## Records for this exercise
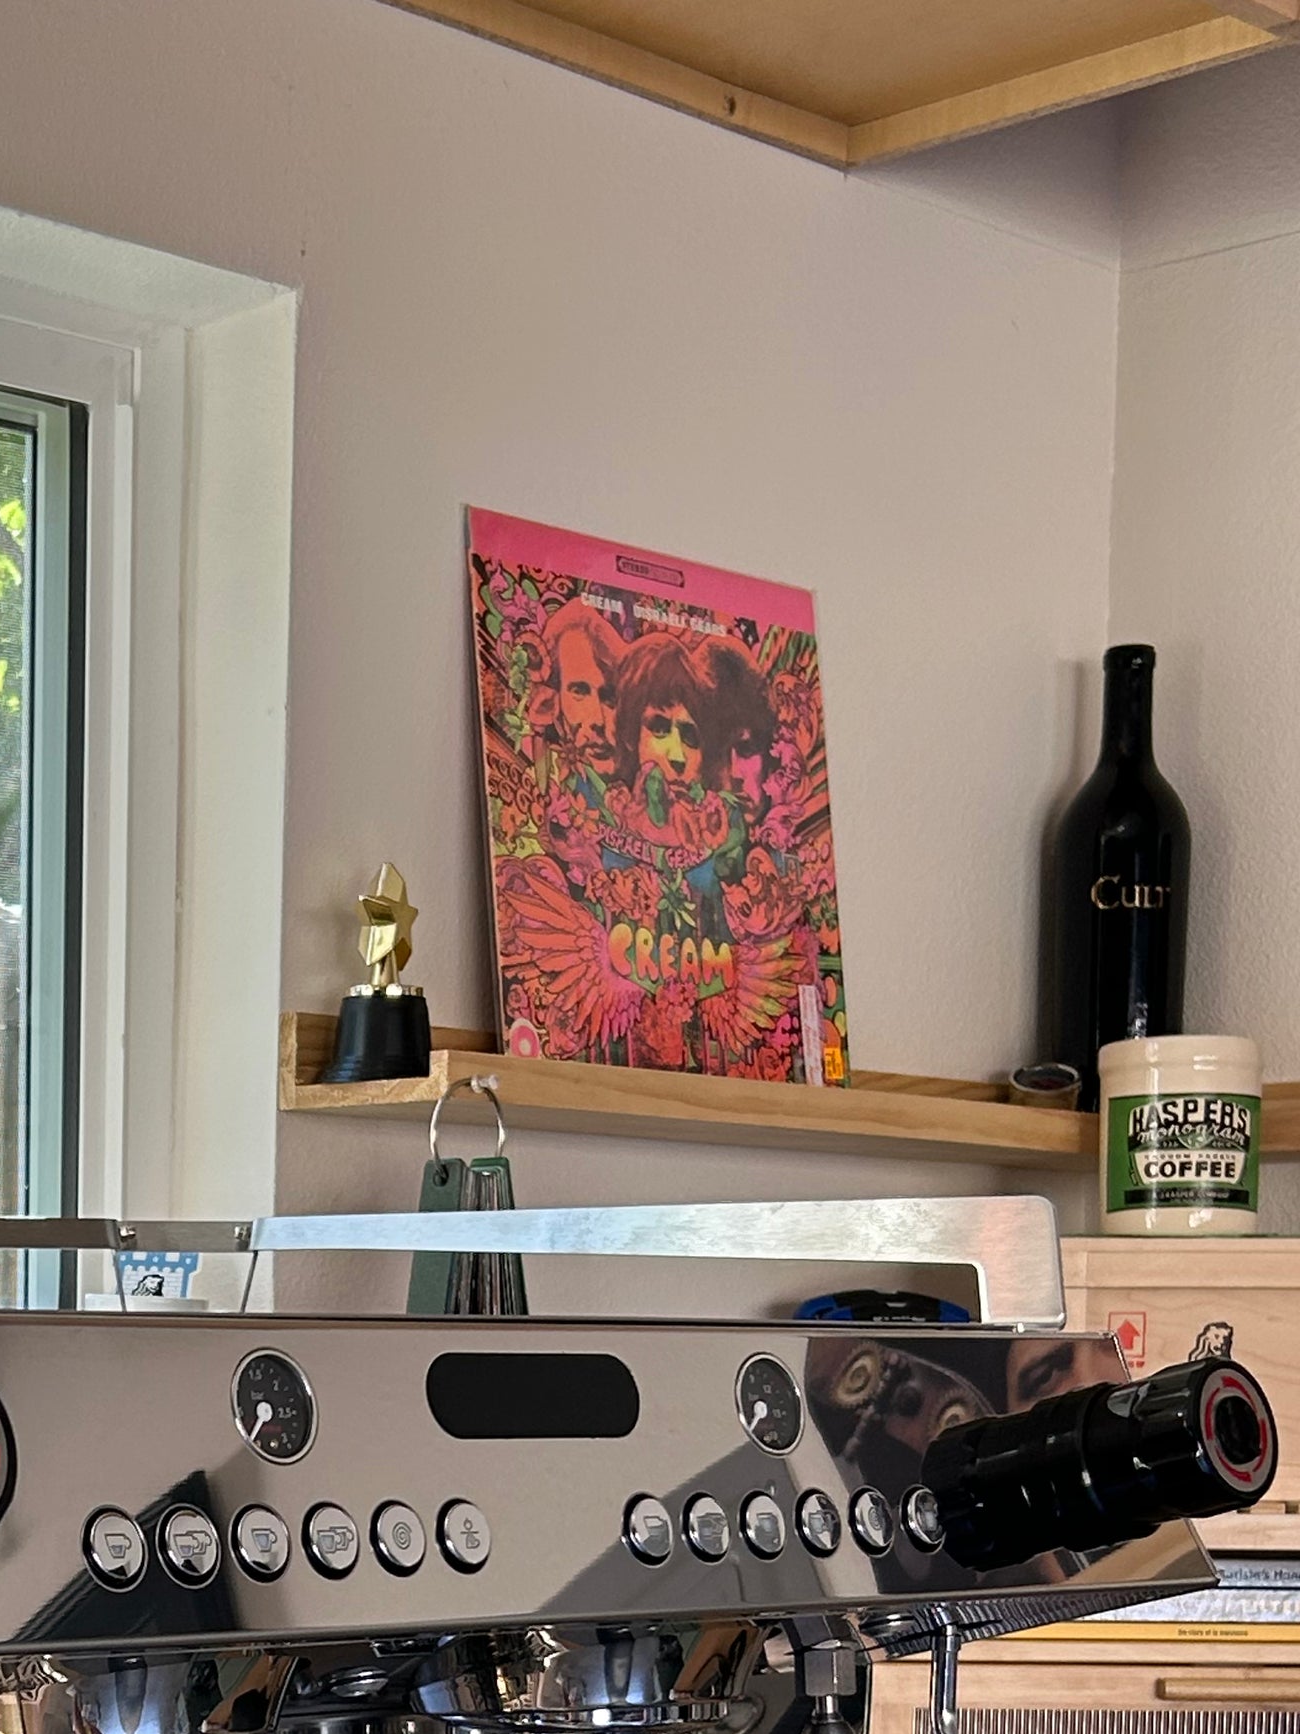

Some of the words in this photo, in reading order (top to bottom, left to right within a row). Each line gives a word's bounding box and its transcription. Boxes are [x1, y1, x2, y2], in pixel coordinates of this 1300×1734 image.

[580, 592, 622, 614] CREAM
[633, 604, 686, 628] DISRAELI
[689, 616, 727, 637] GEARS
[609, 922, 737, 988] CREAM
[1143, 1161, 1236, 1179] COFFEE

## What you need to do
Please set down each line of the listing above word for word, skipping any pictures.

## Finished exercise
Some of the words in this photo, in reading order (top to bottom, left to right within a row). Each line gives a word's bounding box and its transcription. Boxes are [x1, y1, x2, y2], in pixel coordinates of this 1300×1734 image.

[580, 592, 622, 614] CREAM
[633, 604, 686, 628] DISRAELI
[689, 616, 727, 637] GEARS
[609, 922, 737, 988] CREAM
[1143, 1161, 1236, 1179] COFFEE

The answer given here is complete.